- **What this task involves**: Leave every picture out and write out the records below exactly.

##########

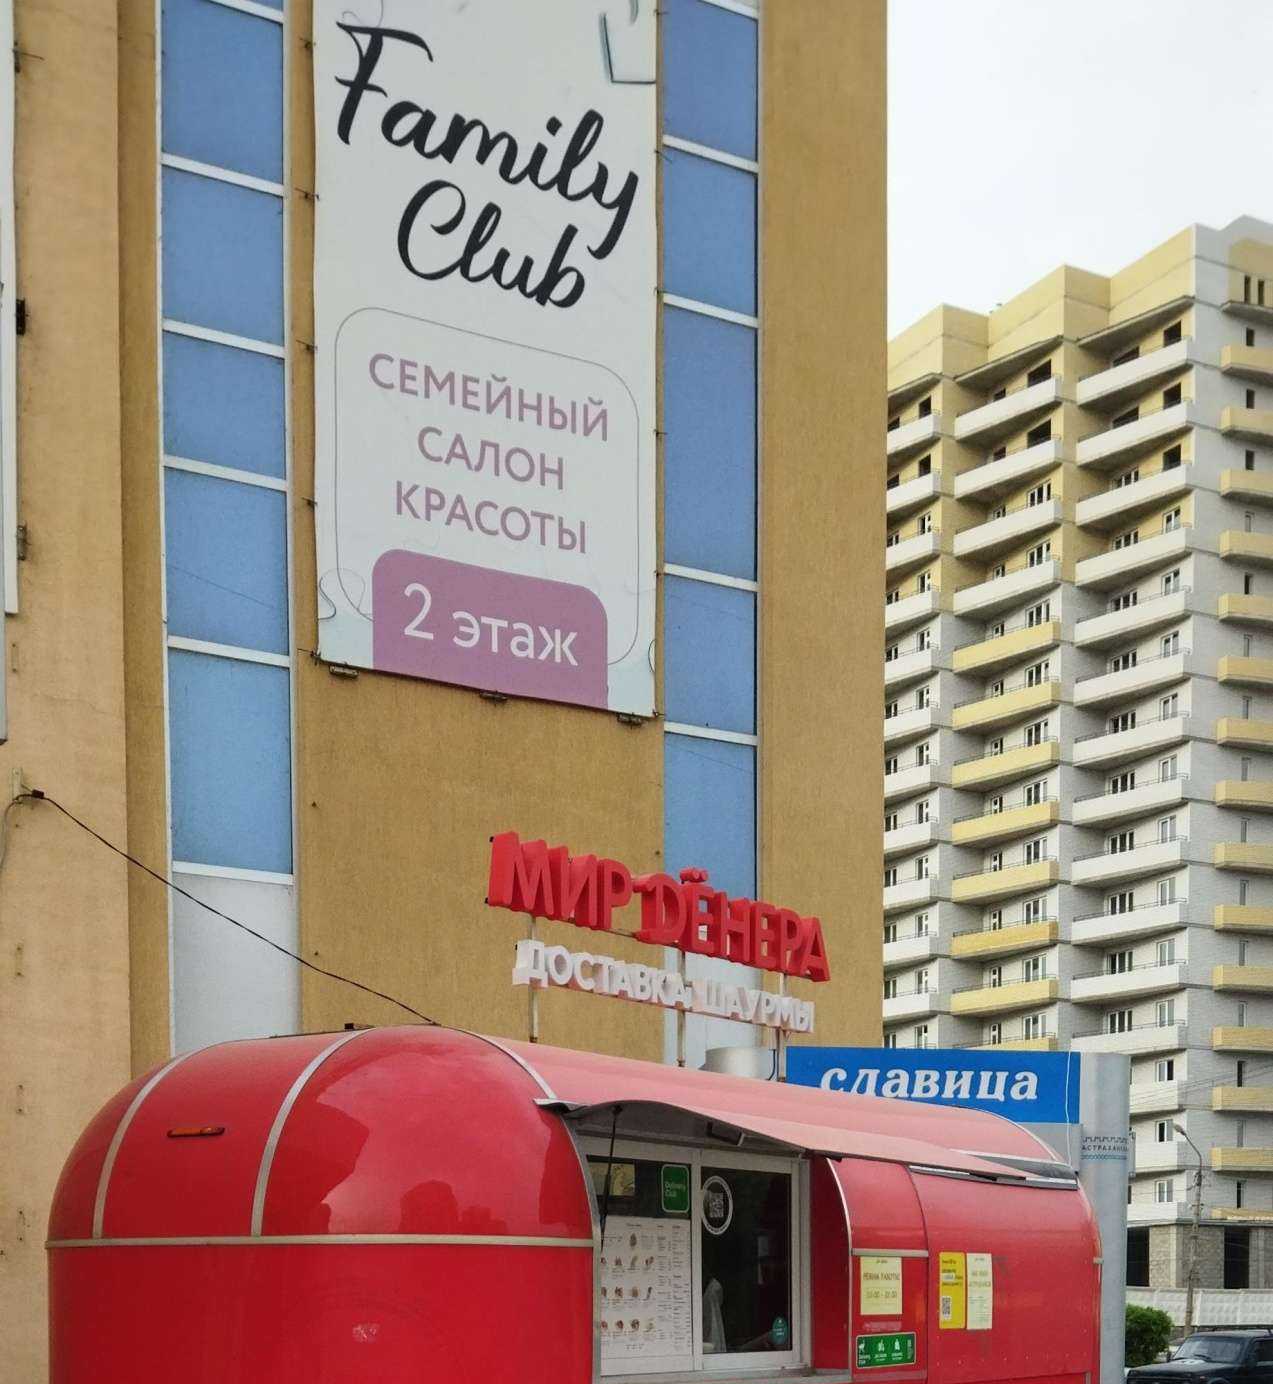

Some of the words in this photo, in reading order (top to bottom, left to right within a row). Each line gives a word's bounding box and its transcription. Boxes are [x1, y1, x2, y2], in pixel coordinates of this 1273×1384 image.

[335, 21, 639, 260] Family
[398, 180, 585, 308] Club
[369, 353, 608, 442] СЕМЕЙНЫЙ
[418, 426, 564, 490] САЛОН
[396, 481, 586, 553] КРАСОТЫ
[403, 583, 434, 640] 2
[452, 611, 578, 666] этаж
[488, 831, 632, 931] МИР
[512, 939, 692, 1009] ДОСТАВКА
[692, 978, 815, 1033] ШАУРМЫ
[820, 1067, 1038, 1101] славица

##########

- **Result of the exercise**:
Some of the words in this photo, in reading order (top to bottom, left to right within a row). Each line gives a word's bounding box and its transcription. Boxes are [x1, y1, x2, y2], in pixel coordinates of this 1273×1384 image.

[335, 21, 639, 260] Family
[398, 180, 585, 308] Club
[369, 353, 608, 442] СЕМЕЙНЫЙ
[418, 426, 564, 490] САЛОН
[396, 481, 586, 553] КРАСОТЫ
[403, 583, 434, 640] 2
[452, 611, 578, 666] этаж
[488, 831, 632, 931] МИР
[512, 939, 692, 1009] ДОСТАВКА
[692, 978, 815, 1033] ШАУРМЫ
[820, 1067, 1038, 1101] славица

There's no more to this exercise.